━━━━━ EXERCISE INPUTS

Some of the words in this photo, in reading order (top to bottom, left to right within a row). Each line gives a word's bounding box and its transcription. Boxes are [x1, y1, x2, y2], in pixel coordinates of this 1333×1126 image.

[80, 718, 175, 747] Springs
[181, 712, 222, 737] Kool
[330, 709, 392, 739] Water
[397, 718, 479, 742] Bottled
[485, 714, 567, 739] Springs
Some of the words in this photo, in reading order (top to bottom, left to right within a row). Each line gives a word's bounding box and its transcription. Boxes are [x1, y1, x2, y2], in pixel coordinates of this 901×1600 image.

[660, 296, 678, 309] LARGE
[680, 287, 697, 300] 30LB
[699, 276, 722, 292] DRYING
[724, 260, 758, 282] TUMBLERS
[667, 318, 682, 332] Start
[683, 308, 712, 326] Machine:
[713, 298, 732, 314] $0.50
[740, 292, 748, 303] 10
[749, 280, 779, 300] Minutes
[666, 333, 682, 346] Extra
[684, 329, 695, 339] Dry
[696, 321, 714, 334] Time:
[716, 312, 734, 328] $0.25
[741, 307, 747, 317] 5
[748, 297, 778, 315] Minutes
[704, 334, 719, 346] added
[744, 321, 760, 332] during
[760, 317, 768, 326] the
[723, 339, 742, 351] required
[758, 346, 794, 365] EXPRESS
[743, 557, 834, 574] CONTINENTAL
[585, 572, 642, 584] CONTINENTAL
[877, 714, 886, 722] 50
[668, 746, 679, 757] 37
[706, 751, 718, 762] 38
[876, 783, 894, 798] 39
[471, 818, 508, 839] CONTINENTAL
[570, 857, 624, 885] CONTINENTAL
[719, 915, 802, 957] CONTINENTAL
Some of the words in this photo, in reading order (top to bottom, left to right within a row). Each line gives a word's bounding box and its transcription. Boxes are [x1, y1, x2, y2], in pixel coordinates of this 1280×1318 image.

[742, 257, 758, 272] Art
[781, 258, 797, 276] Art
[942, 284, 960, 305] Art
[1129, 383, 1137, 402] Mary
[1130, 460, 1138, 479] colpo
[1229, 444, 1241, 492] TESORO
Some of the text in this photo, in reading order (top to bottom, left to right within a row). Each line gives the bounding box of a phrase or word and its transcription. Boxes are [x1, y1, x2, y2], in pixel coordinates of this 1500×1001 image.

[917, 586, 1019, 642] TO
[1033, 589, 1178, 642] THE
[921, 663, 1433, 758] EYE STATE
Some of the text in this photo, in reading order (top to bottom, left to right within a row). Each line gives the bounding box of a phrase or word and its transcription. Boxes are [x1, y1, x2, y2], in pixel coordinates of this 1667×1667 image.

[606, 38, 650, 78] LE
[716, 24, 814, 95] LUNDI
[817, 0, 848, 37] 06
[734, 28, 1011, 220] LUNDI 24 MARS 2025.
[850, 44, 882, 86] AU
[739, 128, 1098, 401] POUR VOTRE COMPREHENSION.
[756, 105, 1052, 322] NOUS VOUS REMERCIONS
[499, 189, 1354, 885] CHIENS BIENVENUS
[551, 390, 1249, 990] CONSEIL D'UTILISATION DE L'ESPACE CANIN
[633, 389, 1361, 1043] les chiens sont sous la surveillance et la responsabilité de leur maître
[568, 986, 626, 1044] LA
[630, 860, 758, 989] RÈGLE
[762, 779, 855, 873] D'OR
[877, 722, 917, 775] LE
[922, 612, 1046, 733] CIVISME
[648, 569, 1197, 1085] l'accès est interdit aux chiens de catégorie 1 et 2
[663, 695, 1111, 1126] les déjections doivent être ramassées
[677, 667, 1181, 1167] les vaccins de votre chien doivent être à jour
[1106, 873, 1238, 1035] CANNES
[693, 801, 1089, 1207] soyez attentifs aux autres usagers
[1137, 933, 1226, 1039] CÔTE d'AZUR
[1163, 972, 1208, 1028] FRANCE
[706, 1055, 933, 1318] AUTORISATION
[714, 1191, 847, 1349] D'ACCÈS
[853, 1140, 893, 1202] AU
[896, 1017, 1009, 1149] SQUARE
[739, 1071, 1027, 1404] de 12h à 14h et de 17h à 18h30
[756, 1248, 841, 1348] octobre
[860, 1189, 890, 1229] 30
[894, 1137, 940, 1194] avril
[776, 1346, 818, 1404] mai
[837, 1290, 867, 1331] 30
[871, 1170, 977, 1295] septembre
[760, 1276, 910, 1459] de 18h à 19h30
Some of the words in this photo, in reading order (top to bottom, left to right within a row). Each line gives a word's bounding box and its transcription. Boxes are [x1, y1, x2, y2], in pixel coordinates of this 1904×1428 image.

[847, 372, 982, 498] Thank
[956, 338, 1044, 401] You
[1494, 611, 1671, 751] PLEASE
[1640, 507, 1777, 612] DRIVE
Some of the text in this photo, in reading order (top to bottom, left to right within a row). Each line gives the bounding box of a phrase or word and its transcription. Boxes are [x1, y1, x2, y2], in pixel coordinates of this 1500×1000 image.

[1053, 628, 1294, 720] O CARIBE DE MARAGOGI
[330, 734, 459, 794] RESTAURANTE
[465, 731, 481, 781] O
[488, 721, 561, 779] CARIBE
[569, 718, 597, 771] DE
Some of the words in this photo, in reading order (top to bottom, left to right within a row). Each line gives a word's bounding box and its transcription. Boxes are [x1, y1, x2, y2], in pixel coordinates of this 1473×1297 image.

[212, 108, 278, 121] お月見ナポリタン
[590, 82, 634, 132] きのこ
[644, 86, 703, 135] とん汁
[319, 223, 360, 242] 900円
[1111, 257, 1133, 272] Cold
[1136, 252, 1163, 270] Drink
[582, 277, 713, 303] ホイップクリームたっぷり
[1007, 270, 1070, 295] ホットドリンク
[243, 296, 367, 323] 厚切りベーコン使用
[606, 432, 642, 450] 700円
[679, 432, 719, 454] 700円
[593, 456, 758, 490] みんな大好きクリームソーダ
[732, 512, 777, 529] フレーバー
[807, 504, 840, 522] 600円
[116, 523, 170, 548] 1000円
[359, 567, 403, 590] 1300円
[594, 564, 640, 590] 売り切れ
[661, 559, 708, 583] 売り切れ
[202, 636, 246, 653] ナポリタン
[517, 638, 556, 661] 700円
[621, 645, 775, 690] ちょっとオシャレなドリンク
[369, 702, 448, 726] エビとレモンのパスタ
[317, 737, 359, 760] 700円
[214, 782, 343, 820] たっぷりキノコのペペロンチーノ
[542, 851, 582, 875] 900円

━━━━━━━━━━

EXERCISE GOAL: Would you output all the records above exactly as written?

REPLY TO THE EXERCISE:
Some of the words in this photo, in reading order (top to bottom, left to right within a row). Each line gives a word's bounding box and its transcription. Boxes are [x1, y1, x2, y2], in pixel coordinates of this 1333×1126 image.

[80, 718, 175, 747] Springs
[181, 712, 222, 737] Kool
[330, 709, 392, 739] Water
[397, 718, 479, 742] Bottled
[485, 714, 567, 739] Springs
Some of the words in this photo, in reading order (top to bottom, left to right within a row). Each line gives a word's bounding box and its transcription. Boxes are [x1, y1, x2, y2], in pixel coordinates of this 901×1600 image.

[660, 296, 678, 309] LARGE
[680, 287, 697, 300] 30LB
[699, 276, 722, 292] DRYING
[724, 260, 758, 282] TUMBLERS
[667, 318, 682, 332] Start
[683, 308, 712, 326] Machine:
[713, 298, 732, 314] $0.50
[740, 292, 748, 303] 10
[749, 280, 779, 300] Minutes
[666, 333, 682, 346] Extra
[684, 329, 695, 339] Dry
[696, 321, 714, 334] Time:
[716, 312, 734, 328] $0.25
[741, 307, 747, 317] 5
[748, 297, 778, 315] Minutes
[704, 334, 719, 346] added
[744, 321, 760, 332] during
[760, 317, 768, 326] the
[723, 339, 742, 351] required
[758, 346, 794, 365] EXPRESS
[743, 557, 834, 574] CONTINENTAL
[585, 572, 642, 584] CONTINENTAL
[877, 714, 886, 722] 50
[668, 746, 679, 757] 37
[706, 751, 718, 762] 38
[876, 783, 894, 798] 39
[471, 818, 508, 839] CONTINENTAL
[570, 857, 624, 885] CONTINENTAL
[719, 915, 802, 957] CONTINENTAL
Some of the words in this photo, in reading order (top to bottom, left to right within a row). Each line gives a word's bounding box and its transcription. Boxes are [x1, y1, x2, y2], in pixel coordinates of this 1280×1318 image.

[742, 257, 758, 272] Art
[781, 258, 797, 276] Art
[942, 284, 960, 305] Art
[1129, 383, 1137, 402] Mary
[1130, 460, 1138, 479] colpo
[1229, 444, 1241, 492] TESORO
Some of the text in this photo, in reading order (top to bottom, left to right within a row). Each line gives the bounding box of a phrase or word and its transcription. Boxes are [x1, y1, x2, y2], in pixel coordinates of this 1500×1001 image.

[917, 586, 1019, 642] TO
[1033, 589, 1178, 642] THE
[921, 663, 1433, 758] EYE STATE
Some of the text in this photo, in reading order (top to bottom, left to right within a row). Each line gives the bounding box of a phrase or word and its transcription. Boxes are [x1, y1, x2, y2], in pixel coordinates of this 1667×1667 image.

[606, 38, 650, 78] LE
[716, 24, 814, 95] LUNDI
[817, 0, 848, 37] 06
[734, 28, 1011, 220] LUNDI 24 MARS 2025.
[850, 44, 882, 86] AU
[739, 128, 1098, 401] POUR VOTRE COMPREHENSION.
[756, 105, 1052, 322] NOUS VOUS REMERCIONS
[499, 189, 1354, 885] CHIENS BIENVENUS
[551, 390, 1249, 990] CONSEIL D'UTILISATION DE L'ESPACE CANIN
[633, 389, 1361, 1043] les chiens sont sous la surveillance et la responsabilité de leur maître
[568, 986, 626, 1044] LA
[630, 860, 758, 989] RÈGLE
[762, 779, 855, 873] D'OR
[877, 722, 917, 775] LE
[922, 612, 1046, 733] CIVISME
[648, 569, 1197, 1085] l'accès est interdit aux chiens de catégorie 1 et 2
[663, 695, 1111, 1126] les déjections doivent être ramassées
[677, 667, 1181, 1167] les vaccins de votre chien doivent être à jour
[1106, 873, 1238, 1035] CANNES
[693, 801, 1089, 1207] soyez attentifs aux autres usagers
[1137, 933, 1226, 1039] CÔTE d'AZUR
[1163, 972, 1208, 1028] FRANCE
[706, 1055, 933, 1318] AUTORISATION
[714, 1191, 847, 1349] D'ACCÈS
[853, 1140, 893, 1202] AU
[896, 1017, 1009, 1149] SQUARE
[739, 1071, 1027, 1404] de 12h à 14h et de 17h à 18h30
[756, 1248, 841, 1348] octobre
[860, 1189, 890, 1229] 30
[894, 1137, 940, 1194] avril
[776, 1346, 818, 1404] mai
[837, 1290, 867, 1331] 30
[871, 1170, 977, 1295] septembre
[760, 1276, 910, 1459] de 18h à 19h30
Some of the words in this photo, in reading order (top to bottom, left to right within a row). Each line gives a word's bounding box and its transcription. Boxes are [x1, y1, x2, y2], in pixel coordinates of this 1904×1428 image.

[847, 372, 982, 498] Thank
[956, 338, 1044, 401] You
[1494, 611, 1671, 751] PLEASE
[1640, 507, 1777, 612] DRIVE
Some of the text in this photo, in reading order (top to bottom, left to right within a row). Each line gives the bounding box of a phrase or word and its transcription. Boxes are [x1, y1, x2, y2], in pixel coordinates of this 1500×1000 image.

[1053, 628, 1294, 720] O CARIBE DE MARAGOGI
[330, 734, 459, 794] RESTAURANTE
[465, 731, 481, 781] O
[488, 721, 561, 779] CARIBE
[569, 718, 597, 771] DE
Some of the words in this photo, in reading order (top to bottom, left to right within a row). Each line gives a word's bounding box and its transcription. Boxes are [x1, y1, x2, y2], in pixel coordinates of this 1473×1297 image.

[212, 108, 278, 121] お月見ナポリタン
[590, 82, 634, 132] きのこ
[644, 86, 703, 135] とん汁
[319, 223, 360, 242] 900円
[1111, 257, 1133, 272] Cold
[1136, 252, 1163, 270] Drink
[582, 277, 713, 303] ホイップクリームたっぷり
[1007, 270, 1070, 295] ホットドリンク
[243, 296, 367, 323] 厚切りベーコン使用
[606, 432, 642, 450] 700円
[679, 432, 719, 454] 700円
[593, 456, 758, 490] みんな大好きクリームソーダ
[732, 512, 777, 529] フレーバー
[807, 504, 840, 522] 600円
[116, 523, 170, 548] 1000円
[359, 567, 403, 590] 1300円
[594, 564, 640, 590] 売り切れ
[661, 559, 708, 583] 売り切れ
[202, 636, 246, 653] ナポリタン
[517, 638, 556, 661] 700円
[621, 645, 775, 690] ちょっとオシャレなドリンク
[369, 702, 448, 726] エビとレモンのパスタ
[317, 737, 359, 760] 700円
[214, 782, 343, 820] たっぷりキノコのペペロンチーノ
[542, 851, 582, 875] 900円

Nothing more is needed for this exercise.